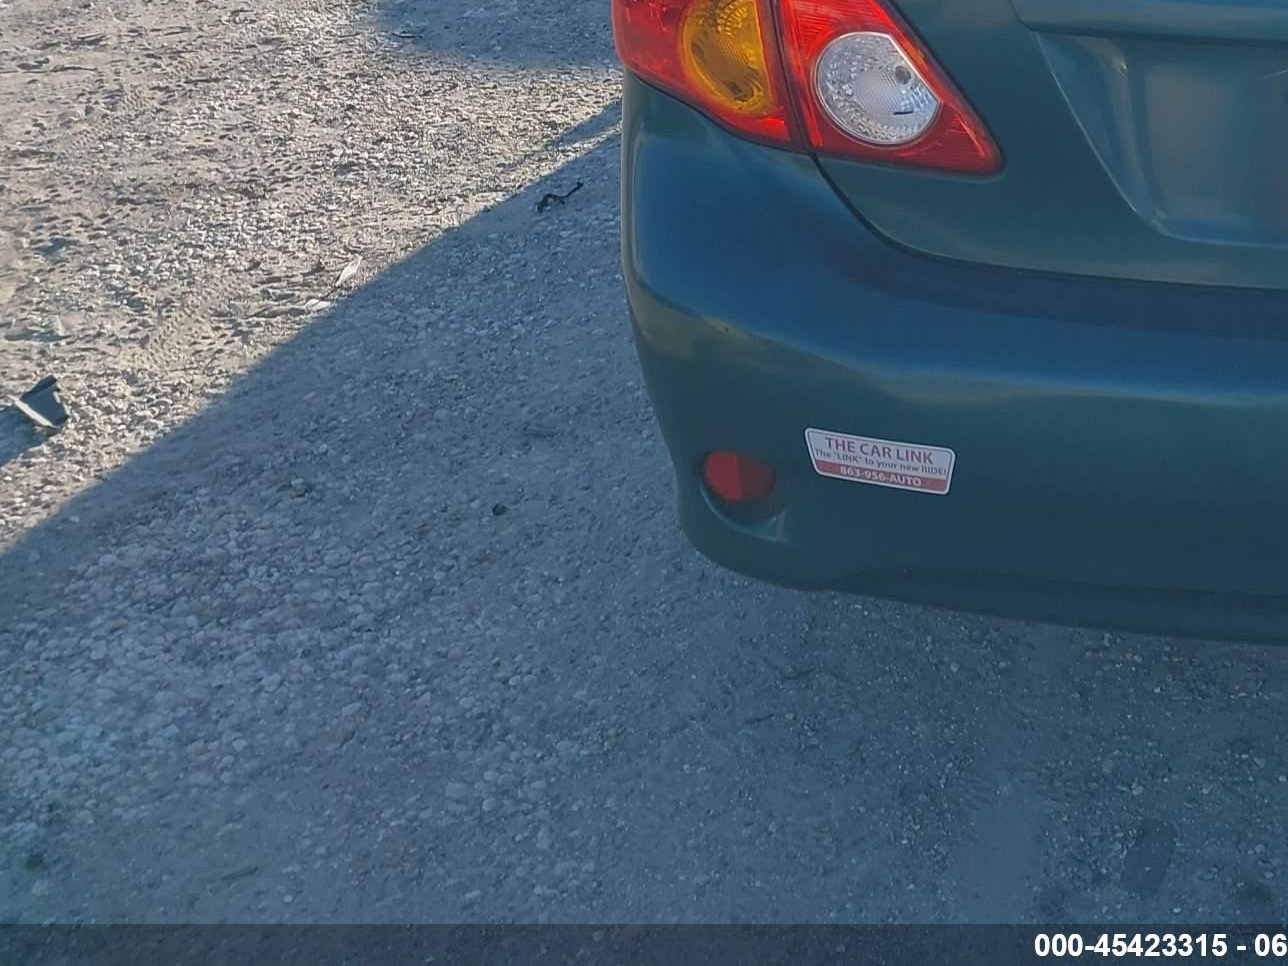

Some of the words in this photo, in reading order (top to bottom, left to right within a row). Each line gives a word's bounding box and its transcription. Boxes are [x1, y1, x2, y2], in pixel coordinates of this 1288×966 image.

[814, 449, 831, 458] The
[865, 457, 875, 466] to
[876, 460, 897, 469] your
[900, 463, 919, 472] new
[825, 437, 856, 454] THE
[860, 443, 892, 459] CAR
[896, 449, 933, 465] LINK
[840, 465, 922, 487] 863-956-AUTO
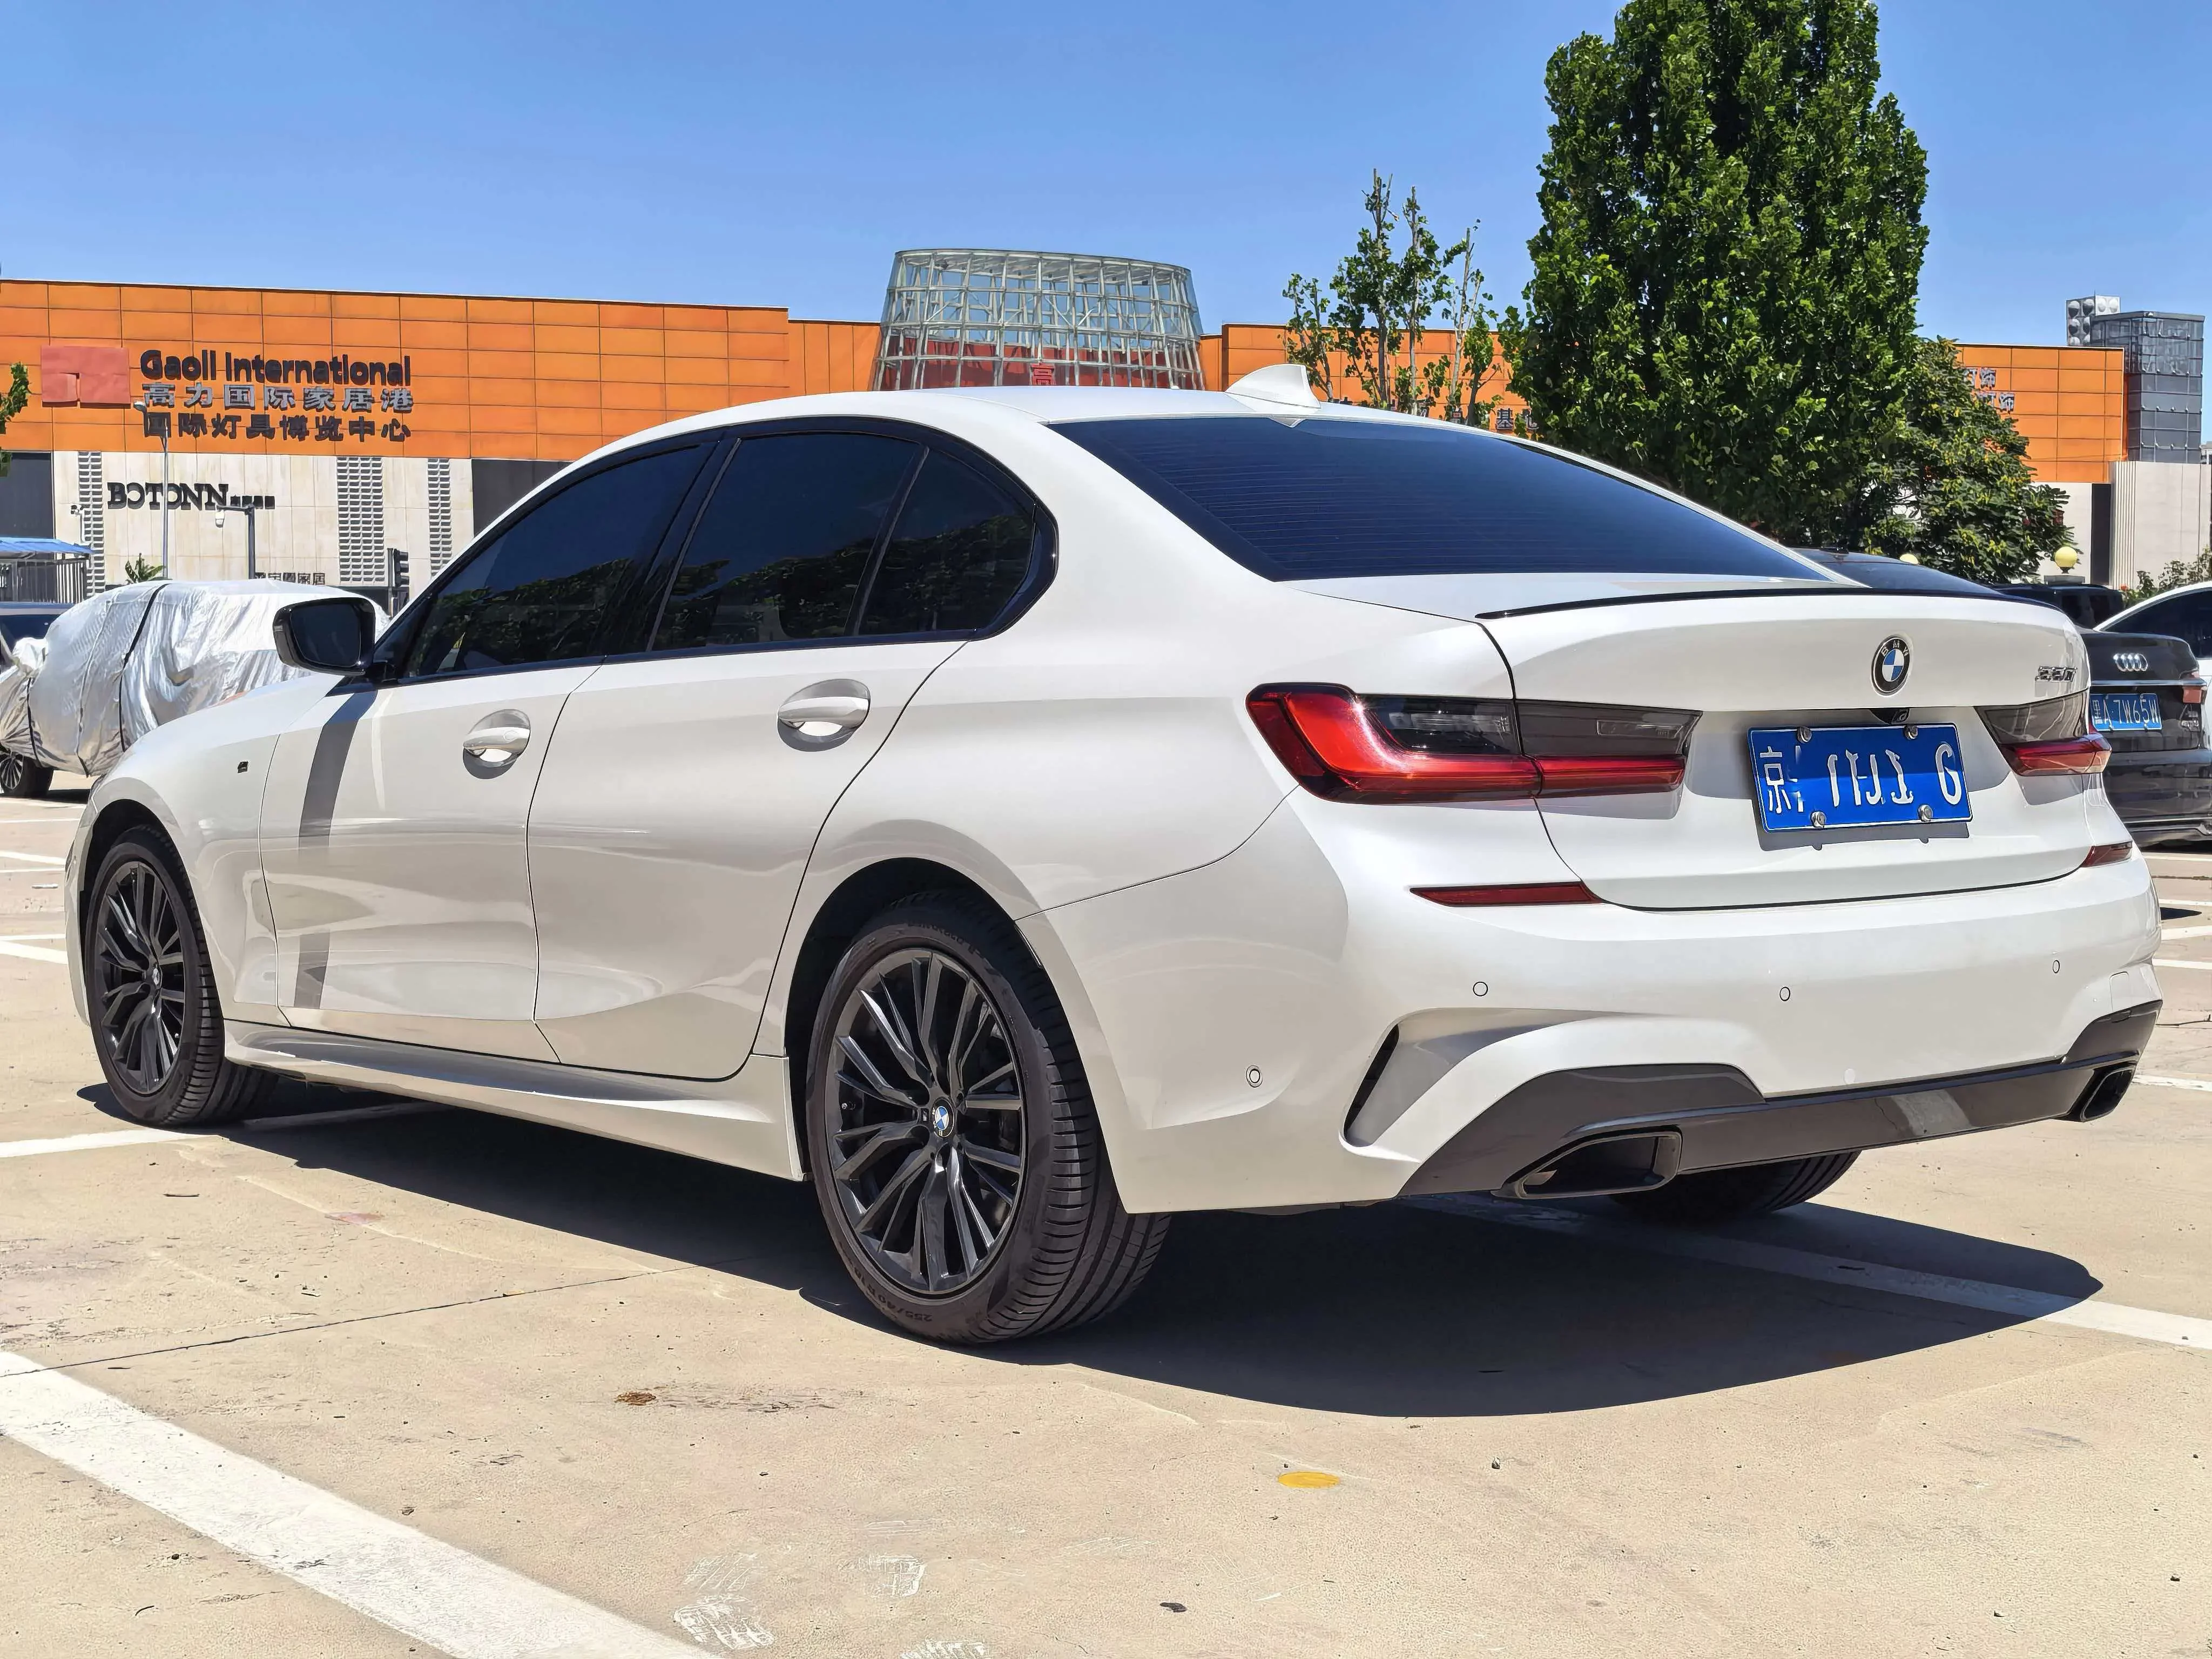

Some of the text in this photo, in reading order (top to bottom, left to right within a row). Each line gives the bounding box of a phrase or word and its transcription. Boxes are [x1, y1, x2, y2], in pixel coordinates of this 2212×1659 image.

[225, 352, 411, 386] International
[141, 382, 414, 414] 高力国际家居港
[144, 412, 411, 442] 国际灯具博览中心
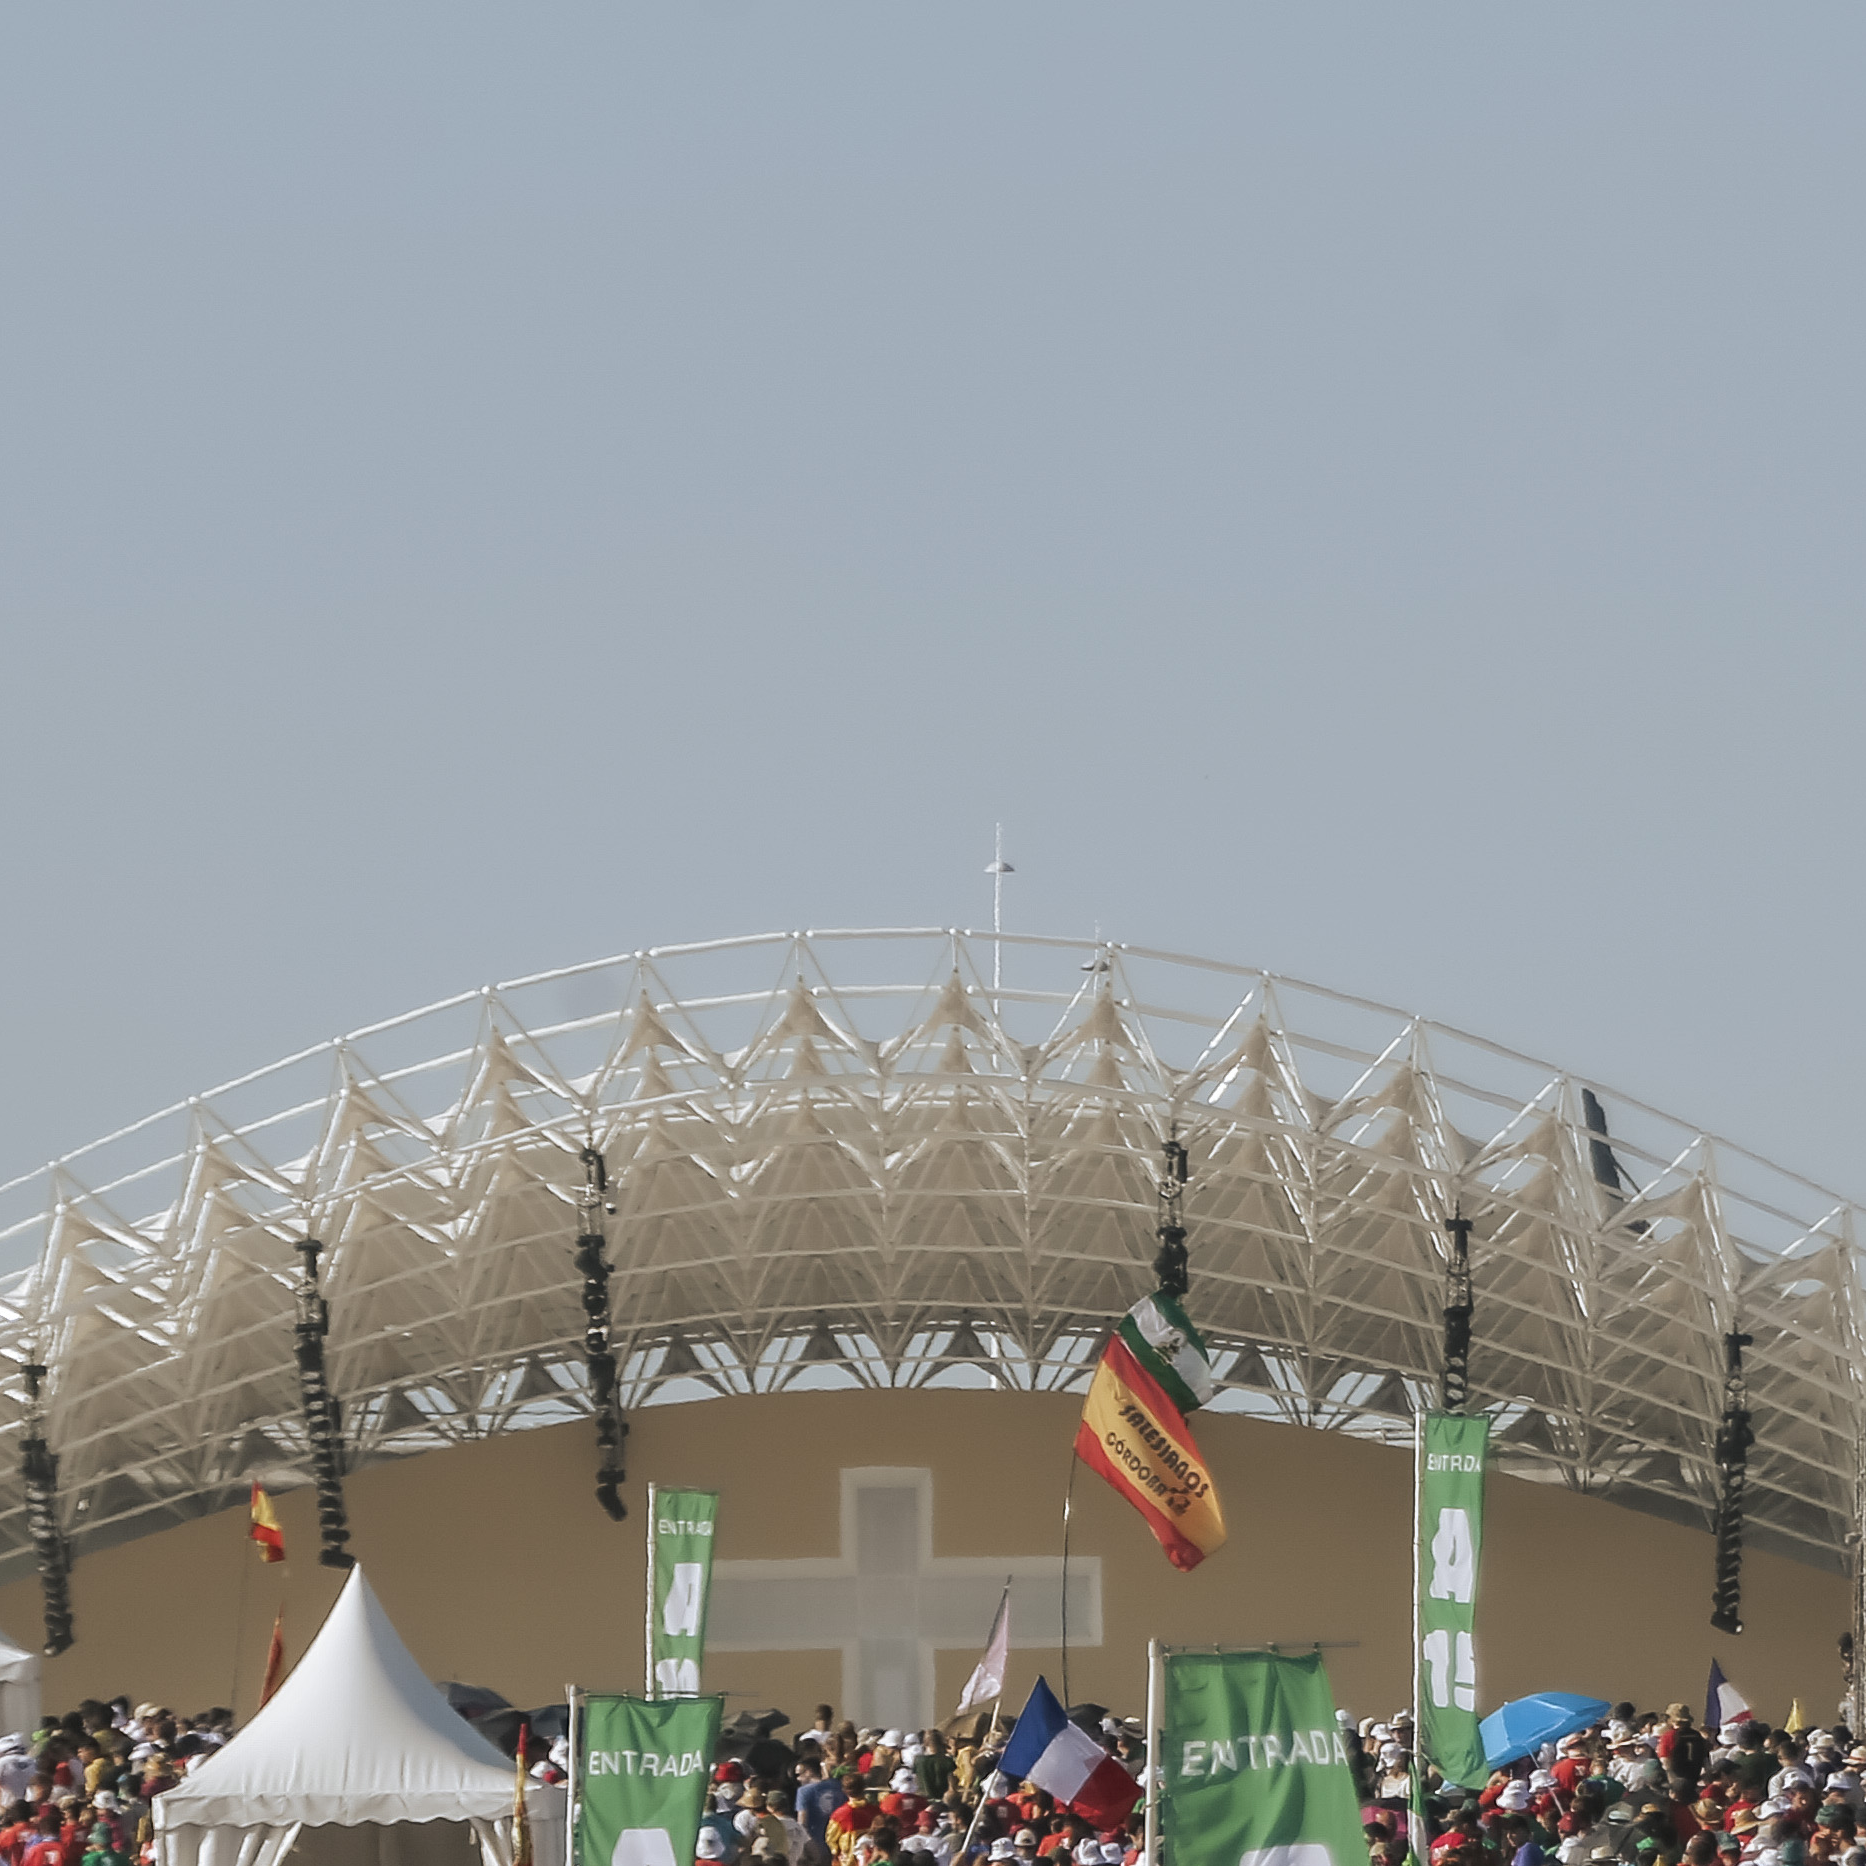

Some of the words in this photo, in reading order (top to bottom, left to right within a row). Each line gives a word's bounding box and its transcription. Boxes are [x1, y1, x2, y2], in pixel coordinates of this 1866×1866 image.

[1119, 1405, 1208, 1498] SALESIANOS
[1430, 1508, 1474, 1603] A
[664, 1563, 701, 1636] A
[589, 1750, 704, 1777] ENTRADA
[1181, 1730, 1349, 1777] ENTRADA

----------

* _TASK INSTRUCTIONS_
Could the data above be reproduced exactly, with the pictures left out?

* _TASK RESULT_
Some of the words in this photo, in reading order (top to bottom, left to right within a row). Each line gives a word's bounding box and its transcription. Boxes are [x1, y1, x2, y2], in pixel coordinates of this 1288×966 image.

[814, 449, 831, 458] The
[865, 457, 875, 466] to
[876, 460, 897, 469] your
[900, 463, 919, 472] new
[825, 437, 856, 454] THE
[860, 443, 892, 459] CAR
[896, 449, 933, 465] LINK
[840, 465, 922, 487] 863-956-AUTO

Some of the text in this photo, in reading order (top to bottom, left to right within a row). Each line gives the bounding box of a phrase or word and its transcription. Boxes are [x1, y1, x2, y2], in pixel coordinates of this 2212×1659 image.

[225, 352, 411, 386] International
[141, 382, 414, 414] 高力国际家居港
[144, 412, 411, 442] 国际灯具博览中心

Some of the words in this photo, in reading order (top to bottom, left to right within a row). Each line gives a word's bounding box and its transcription. Boxes are [x1, y1, x2, y2], in pixel coordinates of this 1866×1866 image.

[1119, 1405, 1208, 1498] SALESIANOS
[1430, 1508, 1474, 1603] A
[664, 1563, 701, 1636] A
[589, 1750, 704, 1777] ENTRADA
[1181, 1730, 1349, 1777] ENTRADA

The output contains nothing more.